CONCORD — Markeisha Douglas thought she was simply finishing up some paperwork on the closing of her new home Tuesday morning. What she got was a greeting from Warrick Dunn.
Douglas, who has worked for Kannapolis City Schools as a bus driver for the last three years, has been a part of Habitat for Humanity Cabarrus County for two years.
During that time, she has been raising her son, Jonquez, while staying with her grandparents.
She was thrilled to get a chance at homeownership from Habitat, but she wasn’t expecting all the pomp and circumstance when she pulled up to her new home.
“What is going on? Why are all these people here?” Markeisha said, recounting her reaction to pulling up to her street and finding news cameras and people crowding her driveway. “I thought we were just coming to walk through the house.
“I didn’t know all these people that were going to be here, what was going on, they tricked me. But it’s OK.”
The second Douglas drove up, she was greeted at her car door by none other than former Buccaneers and Falcons running back Warrick Dunn.
A veteran of 12 NFL seasons and the 23rd leading rusher in NFL history, Dunn and his charity have furnished 181 homes across the nation, including a childhood home of now-Houston Texans quarterback Deshaun Watson. He was happy to be in the Carolinas again Tuesday to help out.
“I think it’s important that we continue to grow as an organization and expand our footprint, but the life-changing moment, I think all of you guys saw it,” he said, addressing the cameras in front of the home. “That’s what it’s about — really helping people that are trying to help themselves.
“You can see someone who’s been committed to providing and putting her family in a better situation long-term, making that stability; that’s what it’s about.”
On Tuesday, he was there to surprise Douglas and her son with a fully furnished home as well as $5,000 in downpayment assistance.
Dunn started his charity work as a rookie in 1997 when he was with the Tampa Bay Buccaneers. His mother was a police officer who was killed in the line of duty. As a tribute to her, he established Homes for the Holidays in 1997 to help make home ownership a dream come true for single-parent families.
Douglas’ dream came true Tuesday.
“I want to thank all of the donors and the support we’re relying on, thank you. I want to thank all of Habitat. I want to thank my family,” she said, pausing for a moment to hold back tears. “I want to thank my family and my friends; I want to thank my job, everybody that’s supported since I started.
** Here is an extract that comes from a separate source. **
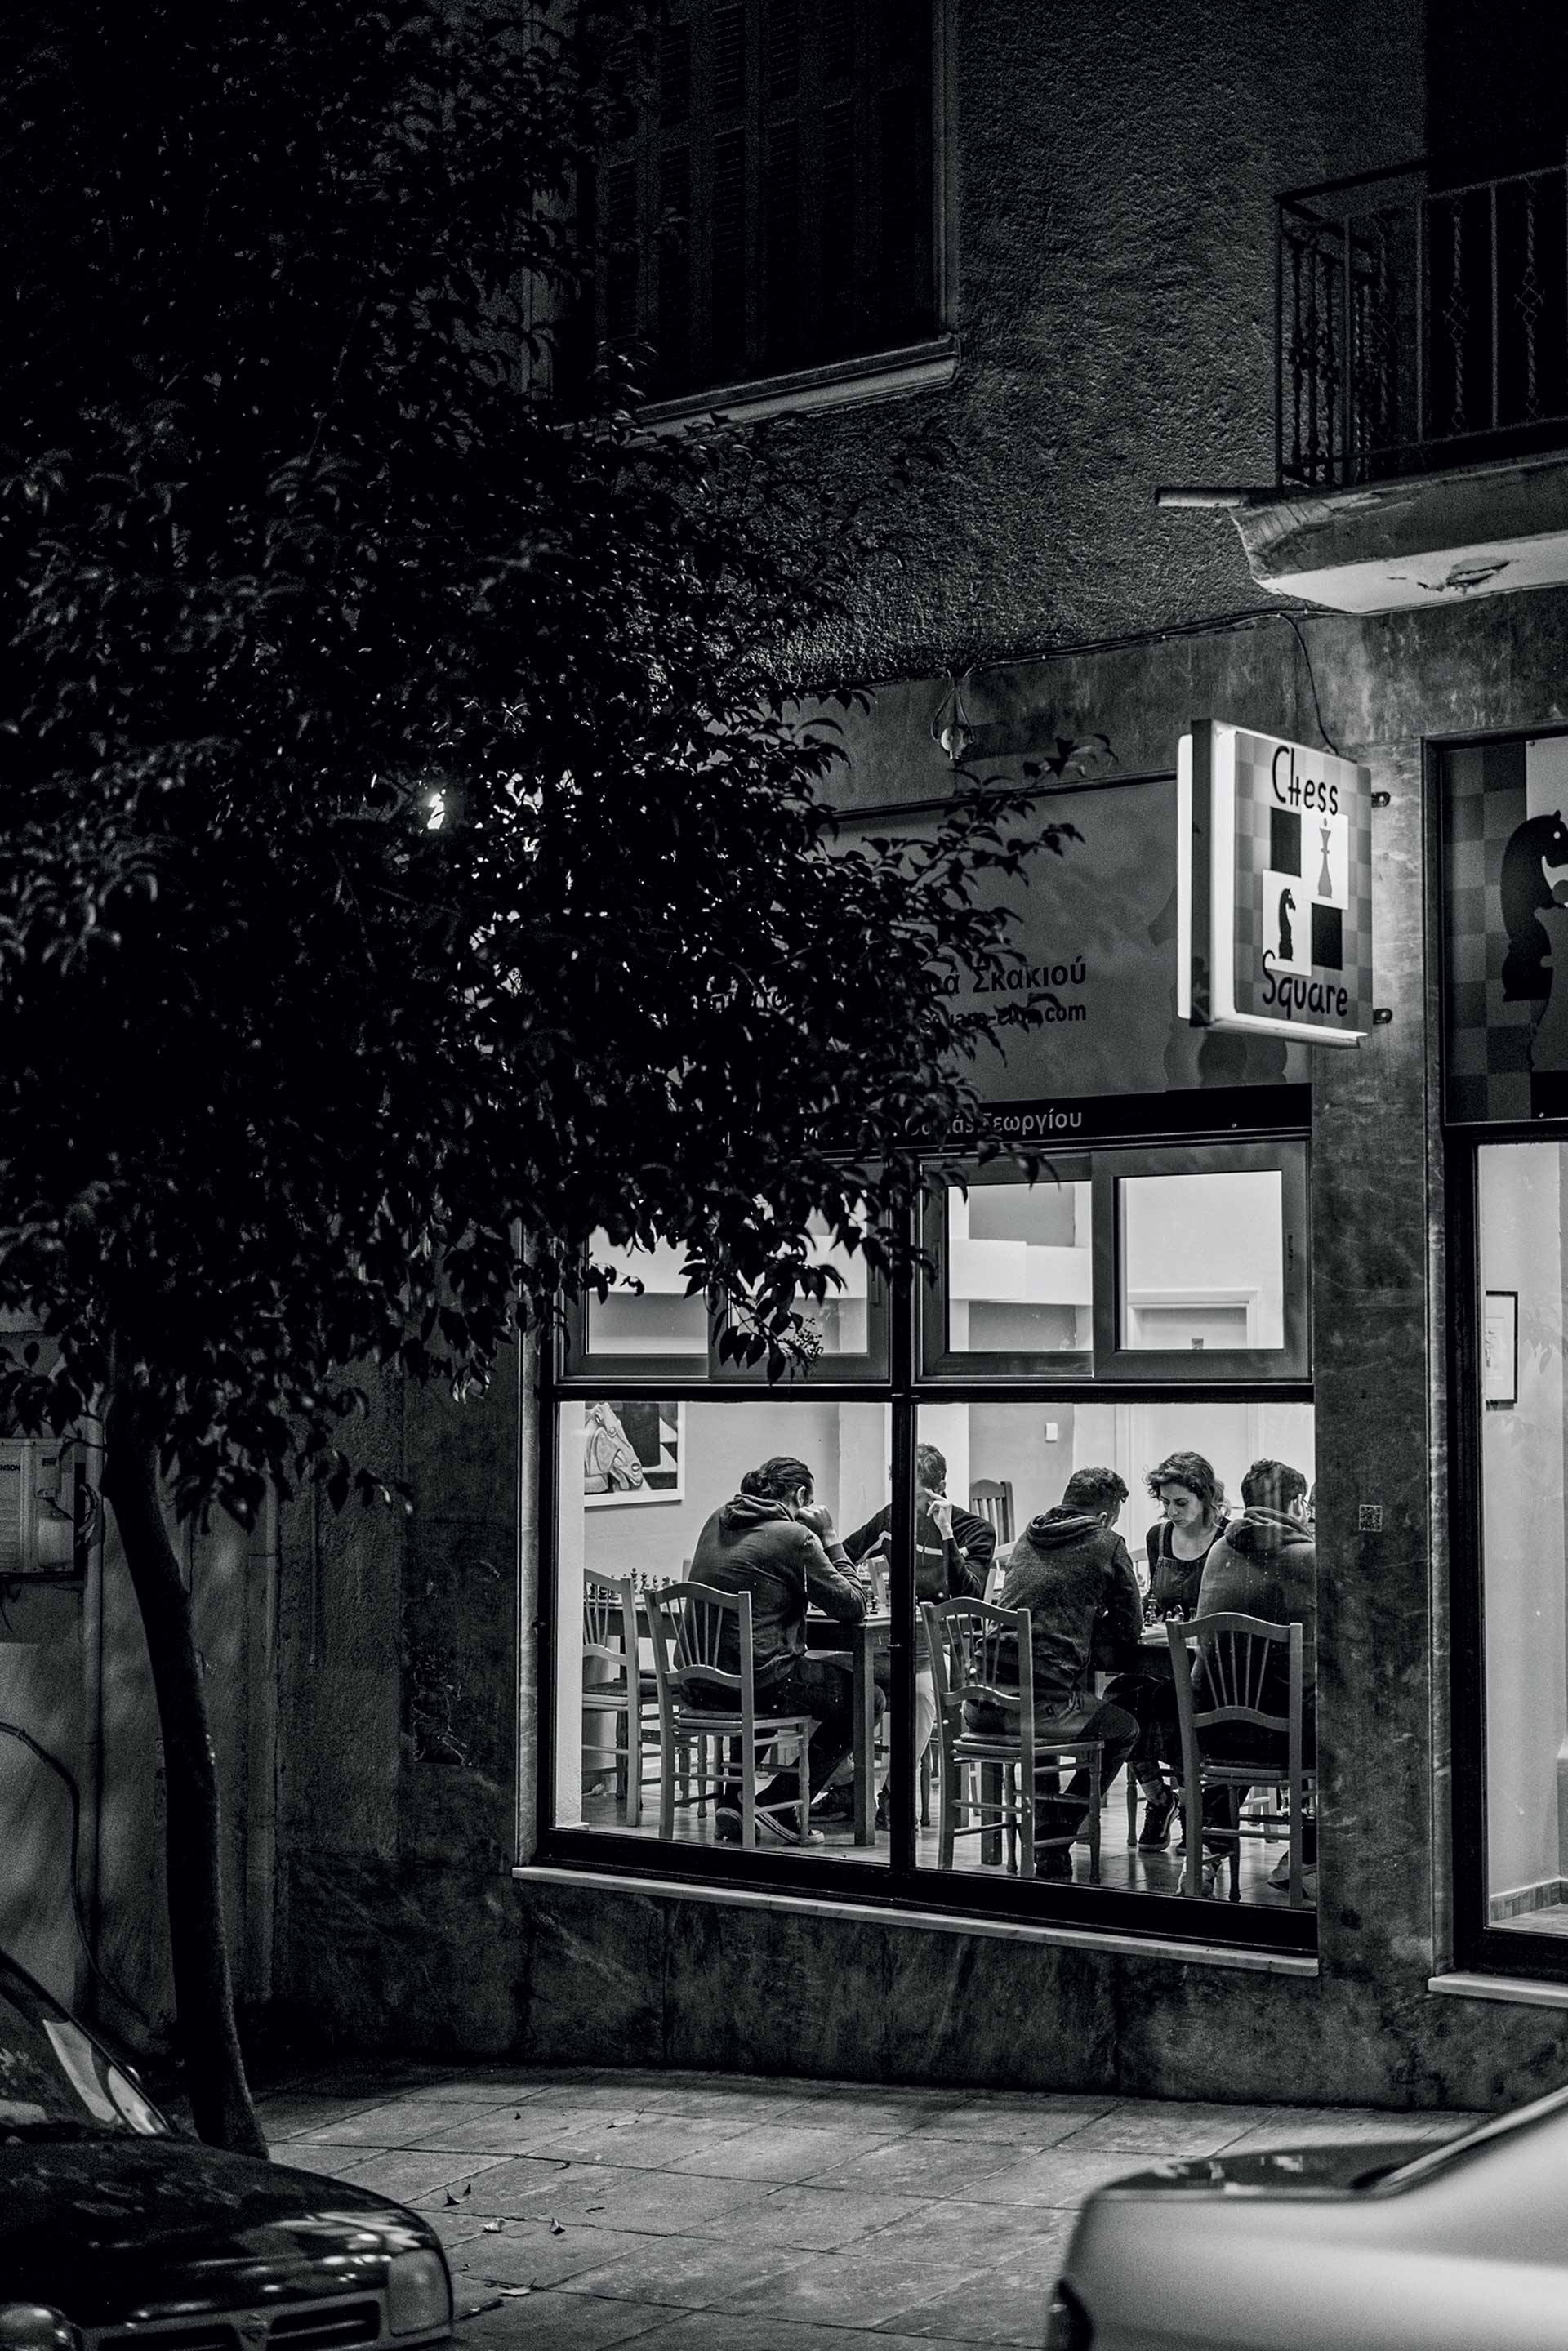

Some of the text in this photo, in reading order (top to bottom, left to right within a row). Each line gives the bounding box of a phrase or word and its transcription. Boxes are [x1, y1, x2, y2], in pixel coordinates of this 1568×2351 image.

“It’s been a long road, but I’m here, and that’s all that matters.”
Douglas is a single mother who receives no assistance from the father of her now 11-year-old son. She has been living in the same room and sleeping in the same bed with him for the last several years while sharing one bathroom between five people in the home.
Now, as she returns to work as a bus driver while carrying the stress of knowing COVID-19 remains active in the state, she does have one less thing to worry about — her son has his own fully furnished room.
He will now have a stable environment to do his work in his own room as he started school Monday working fully virtually.
Douglas put in more than 250 sweat-equity hours, helping tidy others’ homes or working at the Habitat ReStore in Cabarrus County, and now she is a homeowner.
“(I’m) blessed, very blessed,” she said.
Douglas’ home was fully furnished with the donation from Warrick Dunn Charities, in addition to a $10,000 donation from Aaron’s.
“We’re happy to be a part of this,” a spokesman for Aaron’s said. “It’s a great opportunity to give back to the community.”
The home came fully stocked with groceries, appliances, kitchen gadgets and even a few other surprises for Jonquez. All of it was made possible by Aaron’s and the Carolina Panthers Player Impact Committee.
“We know this home will be a firm foundation on which you can build memories for life,” said Chris Manhertz, Panthers tight end and Player Impact Committee member in a recorded video for the family. “Congratulations and welcome home.”
Markeisha and Jonquez will move into the house in the next few days. She still has to work this week before getting some time to move everything in.
Douglas had to work hard to get to this point while raising a son on her own. But she hopes her story will help others like her have the faith that good things will come to them, too.
“There’s a lot of single moms out here that are doing everything by themselves,” she said. “I’ve been doing it myself about the whole time.”
She continued: “They always say, ‘What you do always comes back to you,’ and I’ve always been that type of person. I always help everybody, whoever needs help, I’ll always help, and now it’s coming back to me.”